Below is my api code,
[Route("api/user")]
[ApiController]
public class UserController : Controller
{
private IUserRepository _userRepository = null;
public UserController(IUserRepository userRepository)
{
_userRepository = userRepository;
}
[HttpGet]
[Route("allusers")]
public List<User> GetAllUsers()
{
var headers = Request.Headers;
var userAgent = headers["User-Agent"].ToString();
var authorization = headers["Authorization"].ToString();
var test = HttpContext.Request.Headers["Authorization"];
var authHeader = Request.Headers["Authorization"].FirstOrDefault();
string userToken = authHeader?.Split(" ").Last();
var allClaims = User.Claims;
string userName = allClaims?.FirstOrDefault(x => x.Type == TokenClaims.UserName)?.Value;
var tokenHandler = new JwtSecurityTokenHandler();
var key = Encoding.UTF8.GetBytes("gdyegwuhqd9387ejnfkqk210998plnxbuqqoowsaxlKohxpqud87654hjcyg");
try
{
var validationParameters = new TokenValidationParameters
{
ValidateIssuer = true,
ValidateAudience = true,
ValidateLifetime = true,
ValidateIssuerSigningKey = true,
ValidIssuer = "GShop-WEB-API-10072023-001",
ValidAudience = "GShop-WEB-API-10072023-001",
IssuerSigningKey = new SymmetricSecurityKey(key),
// Optional: Handle clock skew for token expiration
ClockSkew = TimeSpan.Zero
};
// Validate the token and return the principal (user claims)
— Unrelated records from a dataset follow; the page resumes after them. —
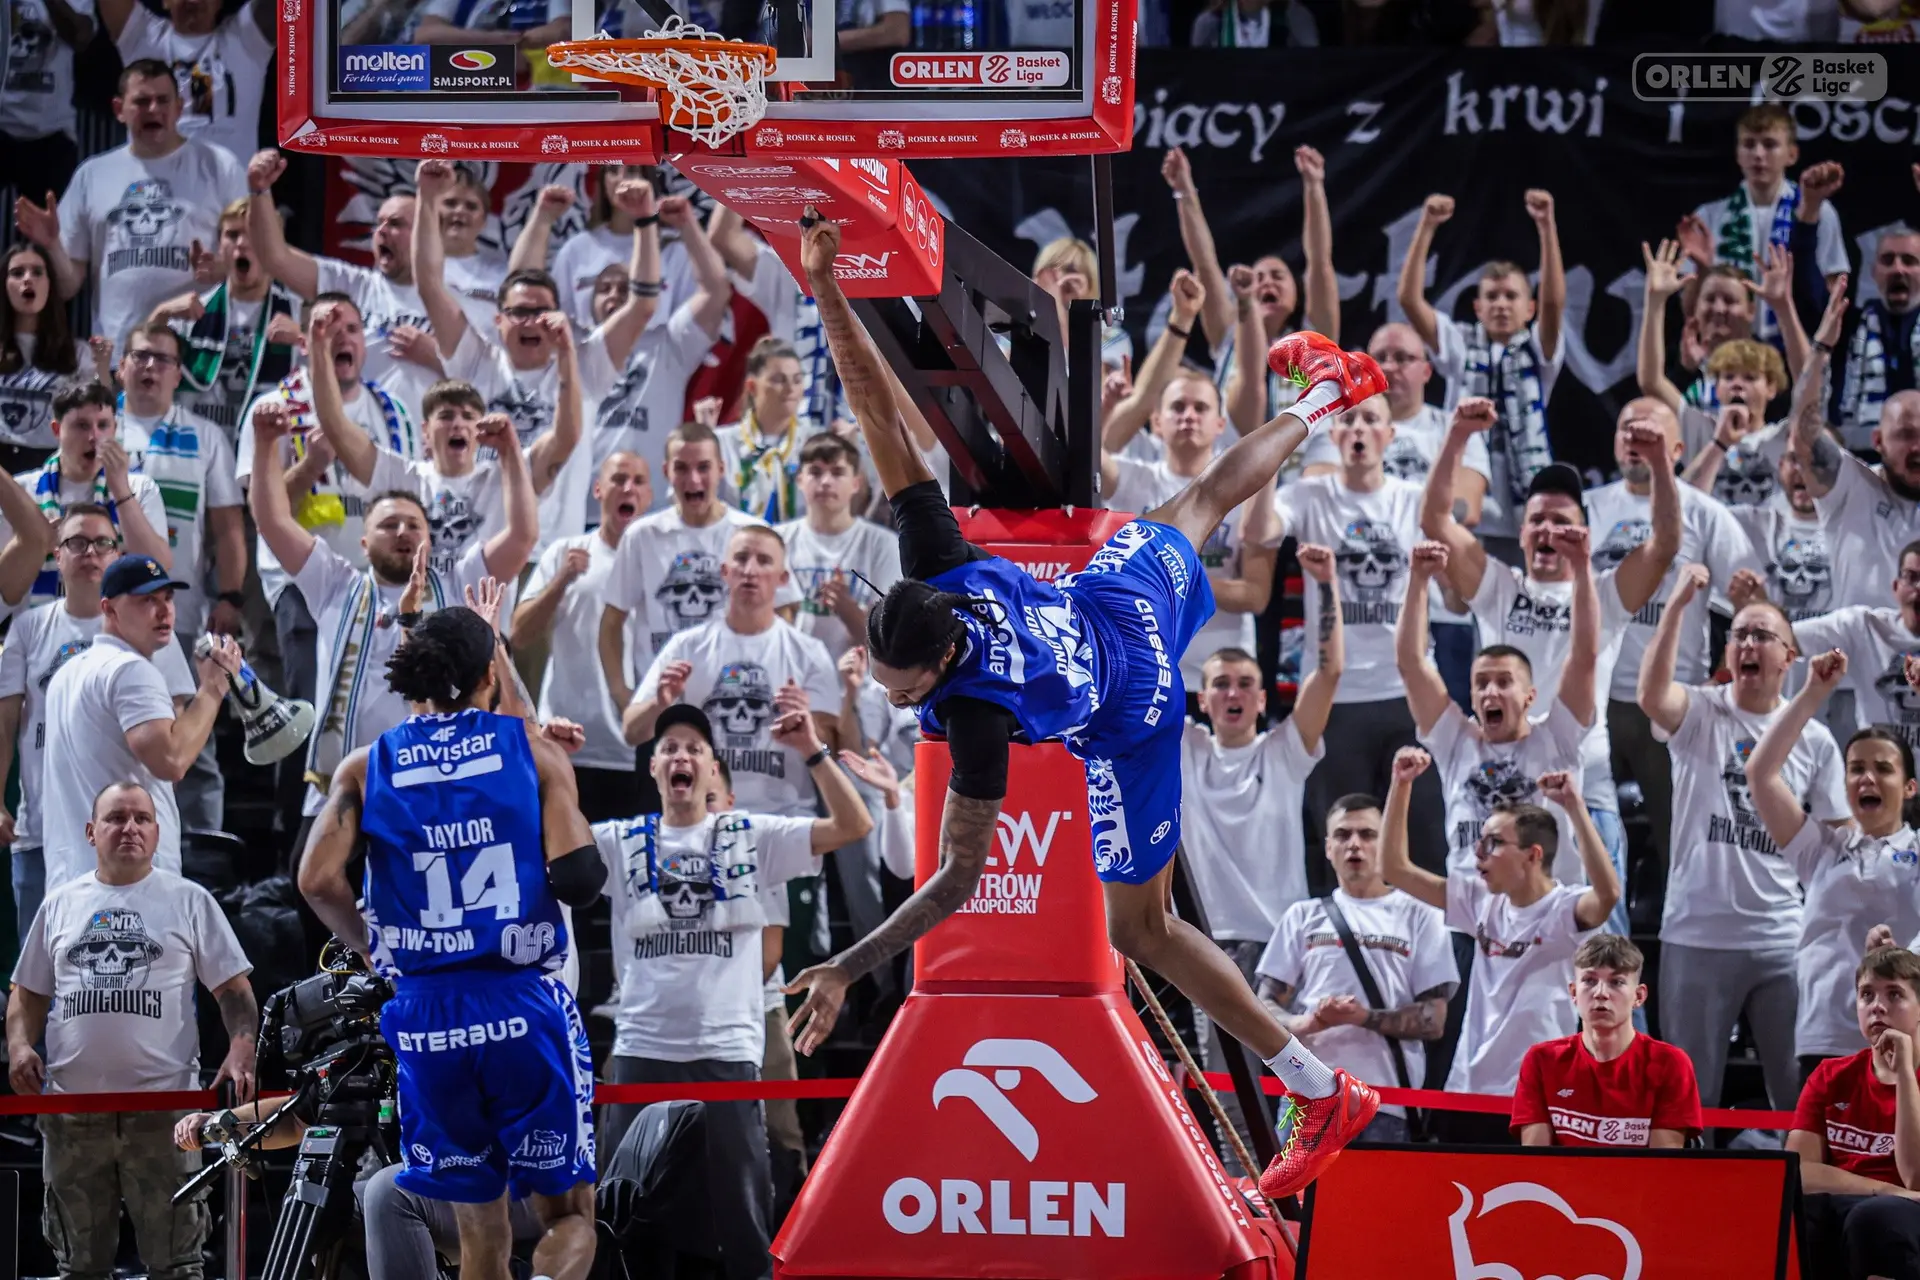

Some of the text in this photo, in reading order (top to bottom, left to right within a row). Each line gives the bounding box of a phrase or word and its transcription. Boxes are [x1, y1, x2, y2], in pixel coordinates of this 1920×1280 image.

[1109, 1, 1119, 73] ROSIEK & ROSIEK
[346, 52, 425, 71] molten
[899, 60, 974, 79] ORLEN
[1016, 56, 1060, 68] Basket
[344, 74, 425, 86] For the real game
[433, 76, 512, 88] SMJSPORT.PL
[1016, 70, 1044, 83] Liga
[1345, 102, 1385, 144] z
[1444, 69, 1607, 138] krwi
[329, 135, 358, 143] ROSIEK
[368, 136, 399, 145] ROSIEK
[451, 141, 478, 149] ROSIEK
[488, 141, 519, 149] ROSIEK
[571, 138, 640, 147] ROSIEK & ROSIEK
[786, 134, 815, 143] ROSIEK
[908, 135, 937, 143] ROSIEK
[939, 135, 945, 143] &
[1029, 132, 1100, 142] ROSIEK & ROSIEK
[1135, 599, 1172, 704] TERBUD
[430, 726, 457, 742] 4F
[397, 732, 497, 767] anvistar
[422, 817, 495, 849] TAYLOR
[412, 842, 521, 929] 14
[975, 867, 1043, 899] TRÓW
[411, 1016, 528, 1053] TERBUD
[1552, 1114, 1594, 1135] RLEN
[1624, 1122, 1650, 1131] Bask
[1623, 1132, 1644, 1142] Liga
[1827, 1129, 1869, 1149] RLEN
[882, 1177, 1126, 1238] ORLEN
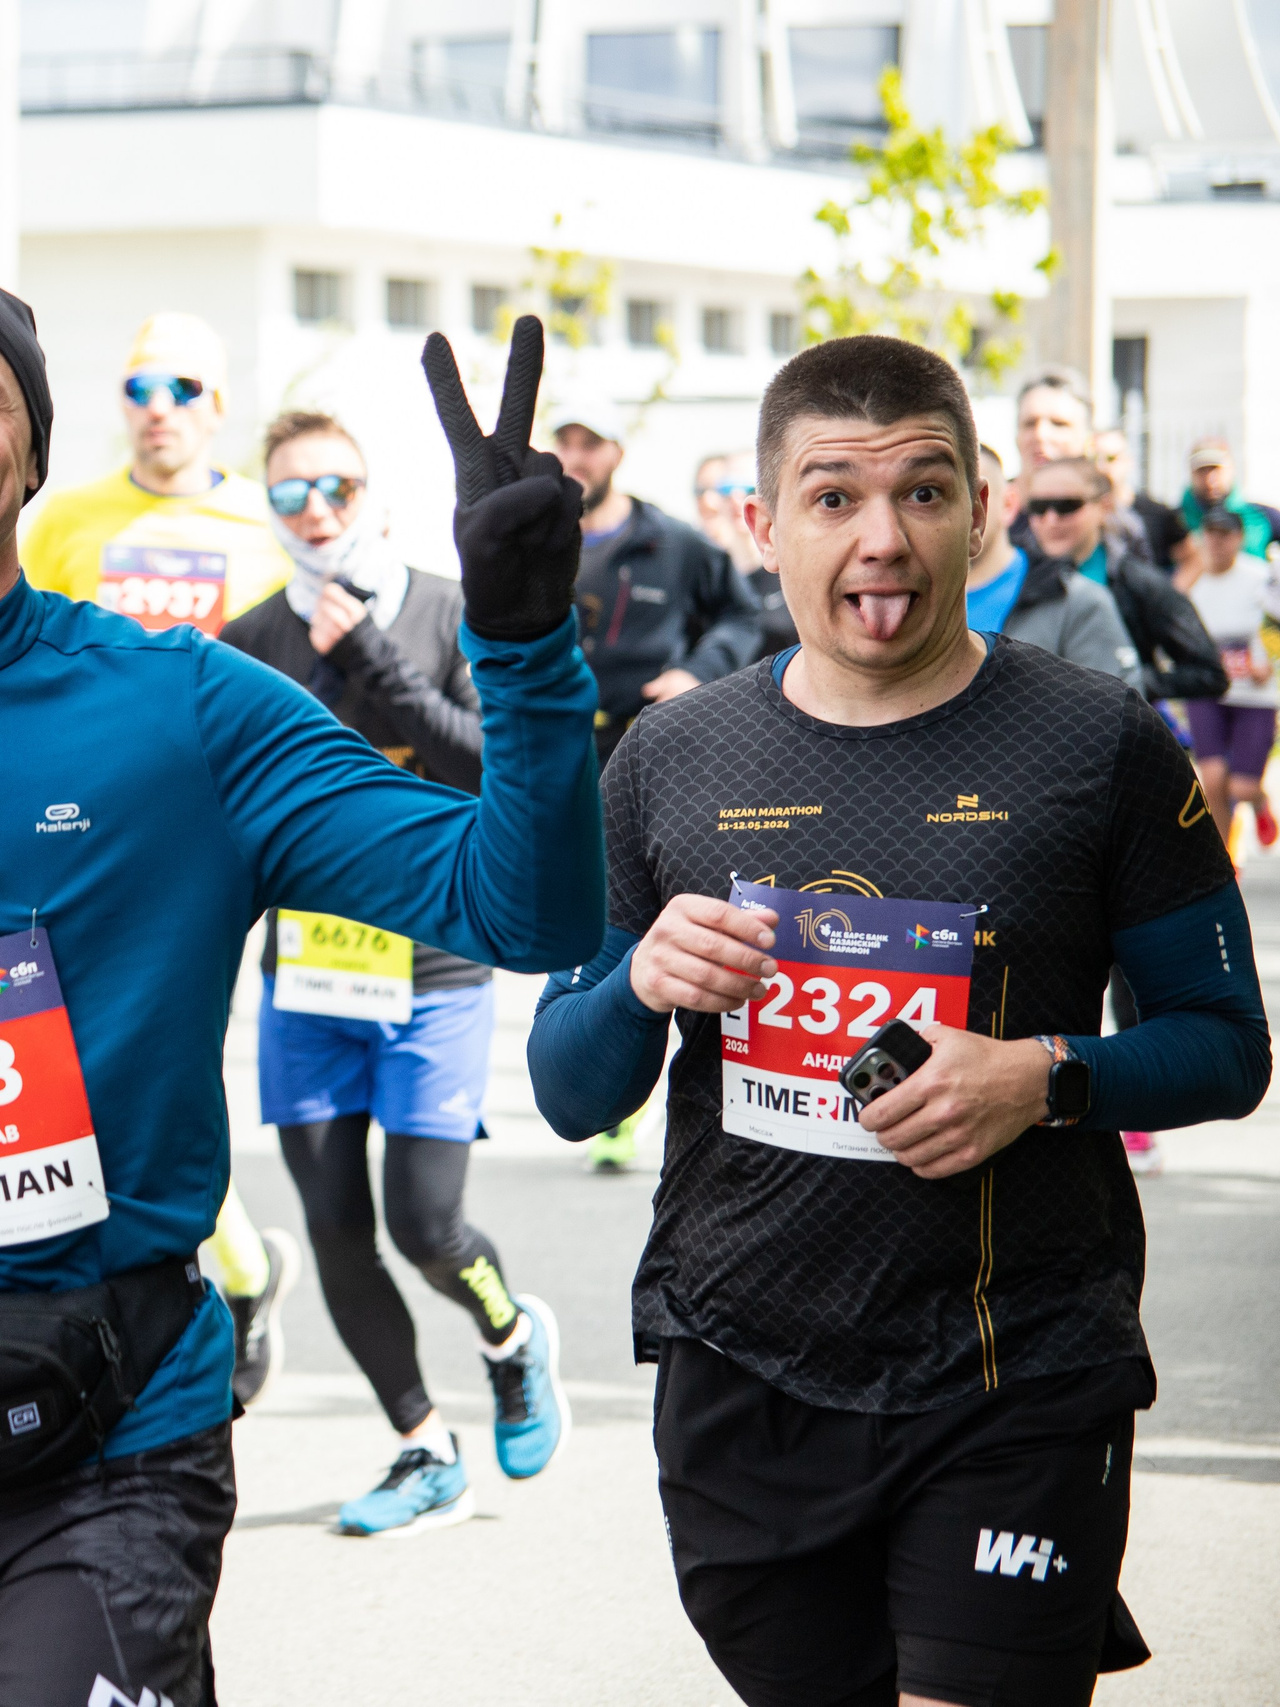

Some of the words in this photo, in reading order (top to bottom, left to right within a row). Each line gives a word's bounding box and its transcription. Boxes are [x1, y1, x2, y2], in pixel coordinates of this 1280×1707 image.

var principal = tokenHandler.ValidateToken(userToken, validationParameters, out SecurityToken validatedToken);
// Additional checks can be added here if needed
//return principal;
}
catch (Exception ex)
{
// Token validation failed, handle the exception
Console.WriteLine($"Token validation failed: {ex.Message}");
return null;
}
return _userRepository.GetAllUsers();
}
Below is my Program.cs file for web api app,
var app = builder.Build();
// Configure the HTTP request pipeline.
if (app.Environment.IsDevelopment())
{
app.UseSwagger();
app.UseSwaggerUI();
app.UseDeveloperExceptionPage();
}
app.UseHttpsRedirection();
app.UseStaticFiles();
app.UseRouting();
//app.UseCors("AllowSpecificOrigin");
app.UseAuthentication();
app.UseAuthorization();
app.MapControllers();
app.Run();
Below is my MVC app code,
string token = "eyJhbGciOiJIUzI1NiIsInR5cCI6IkpXVCJ9.eyJodHRwOi8vc2NoZW1hcy54bWxzb2FwLm9yZy93cy8yMDA1LzA1L2lkZW50aXR5L2NsYWltcy9zaWQiOiJjNWU5ZjU5Zi03OGRmLTQyYTYtOWQ4Ni0zODMxNmY4YTdiM2QiLCJodHRwOi8vc2NoZW1hcy54bWxzb2FwLm9yZy93cy8yMDA1LzA1L2lkZW50aXR5L2NsYWltcy9uYW1laWRlbnRpZmllciI6ImJoYXJhdGgiLCJodHRwOi8vc2NoZW1hcy5taWNyb3NvZnQuY29tL3dzLzIwMDgvMDYvaWRlbnRpdHkvY2xhaW1zL3JvbGUiOiJBZG1pbiIsImV4cCI6MTcyNDc0MTkxNCwiaXNzIjoiR1Nob3AtV0VCLUFQSS0xMDA3MjAyMy0wMDEiLCJhdWQiOiJHU2hvcC1XRUItQVBJLTEwMDcyMDIzLTAwMSJ9.Vi0cLnxYMXEGPinv4CyMKUVn7s12bOEMLlGaiopRq54";
using (HttpClient client = new HttpClient())
{
client.BaseAddress = new Uri("http://localhost:5031/api/");
//client.DefaultRequestHeaders.Accept.Clear();
// Add necessary headers
client.DefaultRequestHeaders.Accept.Add(new MediaTypeWithQualityHeaderValue("application/json"));
client.DefaultRequestHeaders.Add("Authorization", "Bearer " + token);
// Send a GET request to the API
HttpResponseMessage apiResponse = await client.GetAsync("user/allusers");
// Ensure the request was successful
apiResponse.EnsureSuccessStatusCode();
// Read the response content as a string
string responseBody = await apiResponse.Content.ReadAsStringAsync();
// Deserialize the JSON response into a C# object
}
client.DefaultRequestHeaders.Authorization = new AuthenticationHeaderValue("Bearer", token);see if it helps. You can also look at your postman request and compare it with your own, something may be missing. Perhaps you also need to add CORS setting to your api.